Vicente de Paula Ataide Junior.
Juiz Federal em Curitiba/PR. Em 2004.
… Perdi a esperança. Senti-me absolutamente impotente, incapaz de fazer algo para mudar. Como seria possível evitar esses horrendos espetáculos?
Compreendi que atos como esses não se esgotam. Eles continuam, irradiam um mal que contamina toda a humanidade, que eclode em novos atos de violência. Esse mal gera uma freqüência mental negativa, que se expande e gravita em torno da Terra, alimentando a reprodução do mal, em todas as esferas de convivência social.
Não há sentença que eu possa proferir que mude esse mundo. São fatos que não se mudam por atos de poder ou de imposição. O que me adiantou estudar tanto? Que posso fazer como juiz, para combater esse mal? Que posso fazer como homem?
Mas num lance furtivo do olhar, depositei meus olhos sobre as fotos da minha família, expostas numa estante da minha sala de trabalho. Minha mulher e meus filhos estavam lá, sorrindo, contemplando-me.
Parado, olhando para aqueles sorrisos, veio-me o discernimento para a questão que eu mesmo tinha posto: a única coisa que posso realmente fazer é impedir que aquela onda invisível se propague, não me permitir ser um veículo de propagação daquele mal.
Entendi que cada ato humano é importante, cada palavra tem seu significado, nada é de menos, tudo é integrado. Percebi que cada incompreensão, cada intolerância, cada injustiça, cada agressão é uma gota a mais nesse mar de violência e desespero. Convenci-me que em todos os lugares, com qualquer pessoa, cada vez que infligi um desprezo, uma indiferença, um grito, uma dor, também eu ajudei na degola de um refém, também eu empunhei a faca que lentamente decepava a vida e a esperança.
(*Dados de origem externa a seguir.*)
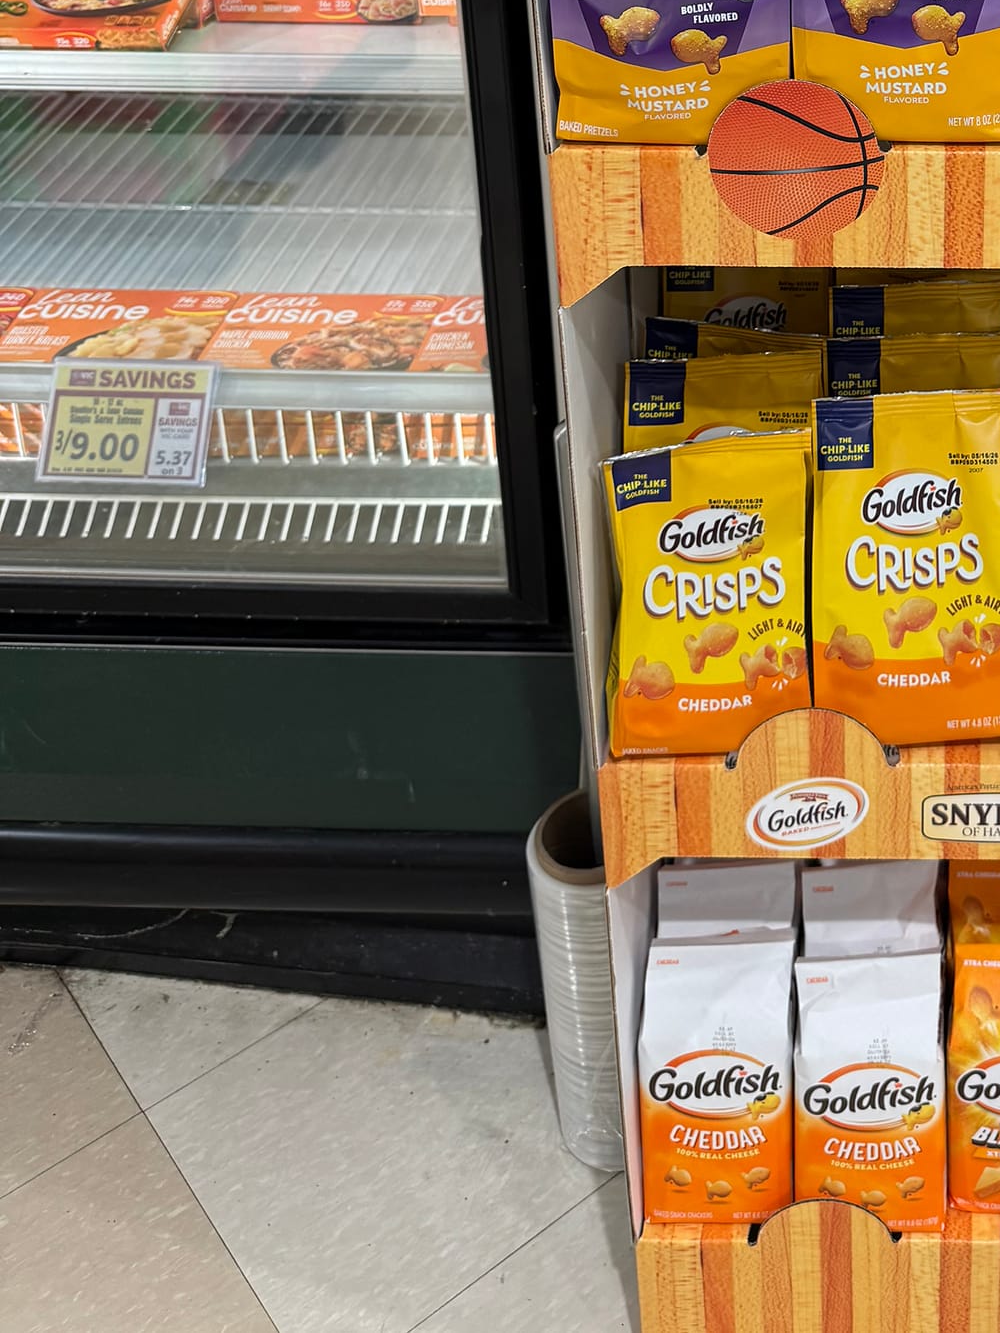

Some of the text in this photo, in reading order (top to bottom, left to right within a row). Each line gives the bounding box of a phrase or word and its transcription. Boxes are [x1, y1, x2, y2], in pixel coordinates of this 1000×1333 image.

[634, 82, 697, 97] HONEY
[627, 97, 709, 113] MUSTARD
[159, 417, 198, 427] SAVINGS
[155, 450, 191, 466] 5.37
[862, 478, 962, 525] Goldfish
[659, 514, 765, 554] Goldfish
[678, 694, 753, 713] CHEDDAR
[768, 801, 845, 832] Goldfish
[649, 1065, 779, 1105] Goldfish
[803, 1077, 934, 1117] Goldfish
[677, 1147, 760, 1160] 100% REAL CHEESE
Respirei fundo, sacudi a cabeça, peguei o telefone e liguei para uma floricultura. Encomendei rosas vermelhas para minha esposa. Mandei o presente sem propósito, nem data especial. Em seguida, fui encontrar meu filho préadolescente na escola. Aproveitei o tempo para uma boa conversa. Quando cheguei em casa, recebi minha filha pequena nos braços, brinquei com ela até dar-lhe sono. Agradeci-lhes minha redenção.
Pode parecer pouco ou nada. Mas senti, sinceramente, com a pequena felicidade que proporcionei, que alguma coisa pode ser feita. Renovei minhas forças sentindo que enquanto houver pessoas dispostas a fazer o bem e a amar sem esperar retribuição, ainda haverá esperança: o amor é o único escudo que pode nos proteger dessa invasão de iniqüidade e perversão.